WHAT THIS TASK INVOLVES ->
Repeat the full listing below verbatim and keep the images out.

PROVIDED DATA ->
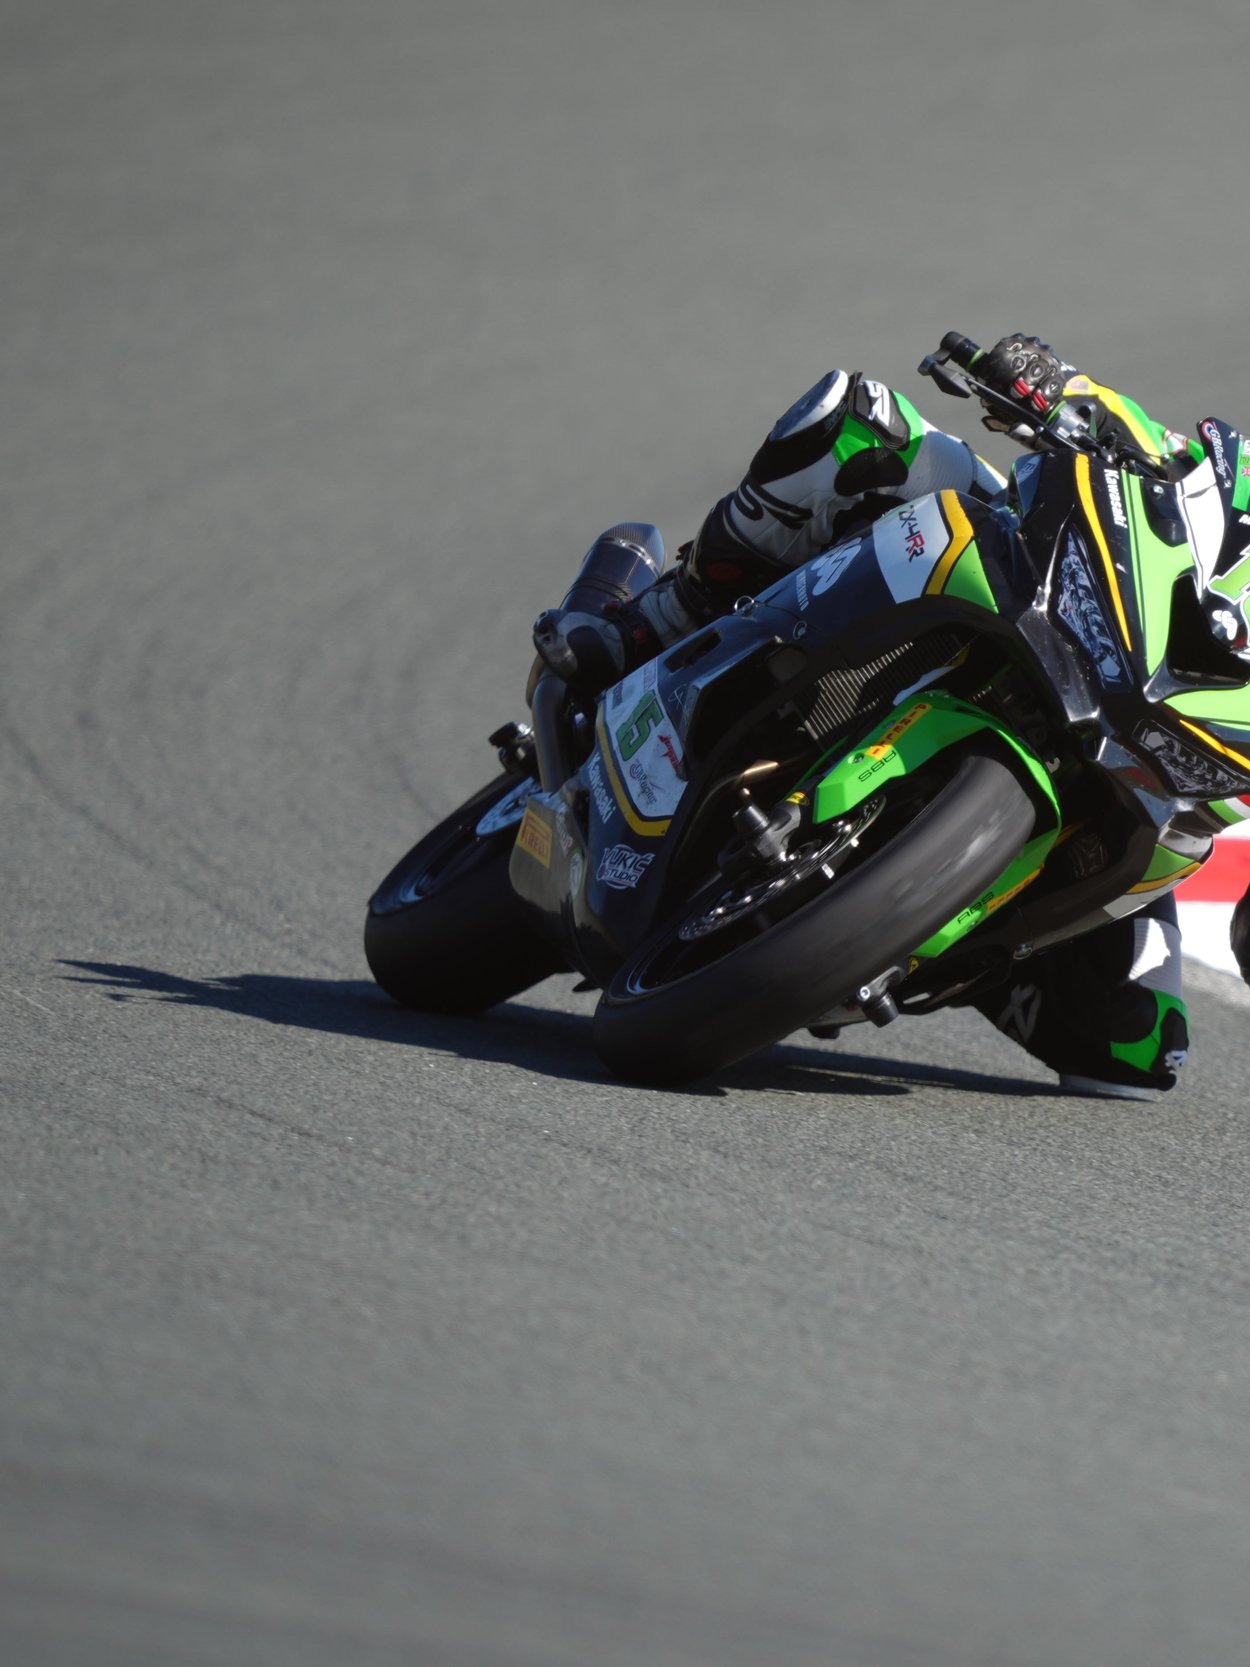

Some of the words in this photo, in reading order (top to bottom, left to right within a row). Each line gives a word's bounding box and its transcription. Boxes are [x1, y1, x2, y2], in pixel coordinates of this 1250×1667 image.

[1103, 469, 1126, 528] Kawasaki
[858, 750, 896, 783] ABS
[588, 752, 617, 825] Kawasaki
[605, 868, 639, 884] STUDIO
[957, 891, 994, 924] ABS
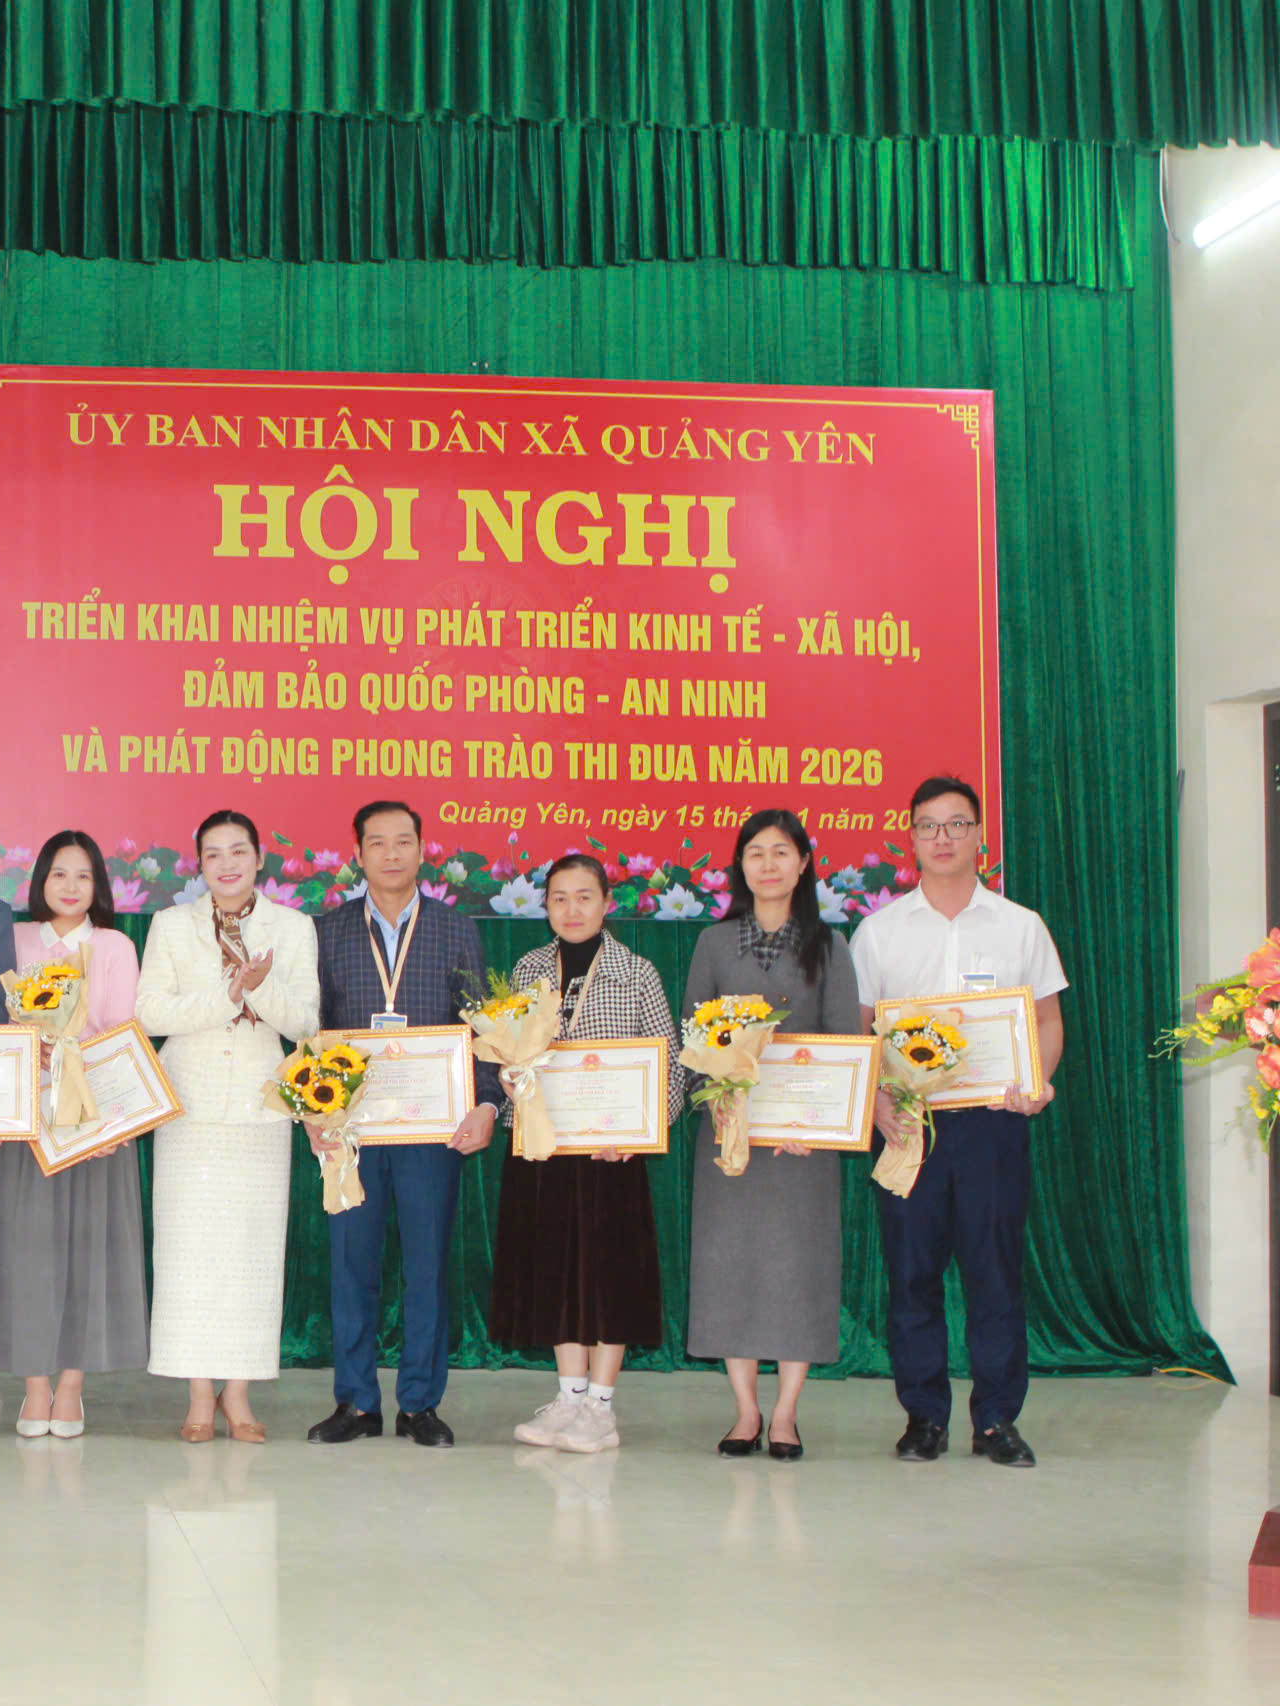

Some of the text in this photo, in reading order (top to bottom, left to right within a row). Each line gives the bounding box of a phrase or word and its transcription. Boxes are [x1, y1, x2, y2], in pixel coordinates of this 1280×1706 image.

[67, 402, 877, 465] ỦY BAN NHÂN DÂN XÃ QUẢNG YÊN
[212, 463, 737, 594] HỘI NGHỊ
[21, 587, 125, 641] TRIỂN
[137, 602, 220, 642] KHAI
[231, 597, 348, 654] NHIỆM
[359, 607, 404, 655] VỤ
[415, 600, 506, 648] PHÁT
[515, 596, 617, 650] TRIỂN
[628, 612, 712, 653] KINH
[721, 603, 764, 654] TẾ
[797, 610, 844, 656] XÃ
[853, 611, 921, 665] HỘI,
[183, 657, 265, 709] ĐẢM
[276, 658, 348, 711] BẢO
[359, 660, 454, 715] QUỐC
[465, 665, 585, 715] PHÒNG
[620, 677, 670, 716] AN
[681, 679, 767, 719] NINH
[62, 727, 883, 787] VÀ PHÁT ĐỘNG PHONG TRÀO THI ĐUA NĂM 2026
[439, 800, 527, 829] Quảng
[537, 802, 592, 828] Yên,
[601, 803, 668, 832] ngày
[676, 805, 705, 827] 15
[713, 806, 754, 828] thá
[818, 808, 874, 831] năm
[882, 808, 913, 832] 20

ANSWER BELOW ->
Some of the words in this photo, in reading order (top to bottom, left to right within a row). Each line gives a word's bounding box and its transcription. Boxes are [x1, y1, x2, y2], in pixel coordinates of this 1250×1667 image.

[1103, 469, 1126, 528] Kawasaki
[858, 750, 896, 783] ABS
[588, 752, 617, 825] Kawasaki
[605, 868, 639, 884] STUDIO
[957, 891, 994, 924] ABS

Some of the text in this photo, in reading order (top to bottom, left to right within a row). Each line gives the bounding box of a phrase or word and its transcription. Boxes are [x1, y1, x2, y2], in pixel coordinates of this 1280×1706 image.

[67, 402, 877, 465] ỦY BAN NHÂN DÂN XÃ QUẢNG YÊN
[212, 463, 737, 594] HỘI NGHỊ
[21, 587, 125, 641] TRIỂN
[137, 602, 220, 642] KHAI
[231, 597, 348, 654] NHIỆM
[359, 607, 404, 655] VỤ
[415, 600, 506, 648] PHÁT
[515, 596, 617, 650] TRIỂN
[628, 612, 712, 653] KINH
[721, 603, 764, 654] TẾ
[797, 610, 844, 656] XÃ
[853, 611, 921, 665] HỘI,
[183, 657, 265, 709] ĐẢM
[276, 658, 348, 711] BẢO
[359, 660, 454, 715] QUỐC
[465, 665, 585, 715] PHÒNG
[620, 677, 670, 716] AN
[681, 679, 767, 719] NINH
[62, 727, 883, 787] VÀ PHÁT ĐỘNG PHONG TRÀO THI ĐUA NĂM 2026
[439, 800, 527, 829] Quảng
[537, 802, 592, 828] Yên,
[601, 803, 668, 832] ngày
[676, 805, 705, 827] 15
[713, 806, 754, 828] thá
[818, 808, 874, 831] năm
[882, 808, 913, 832] 20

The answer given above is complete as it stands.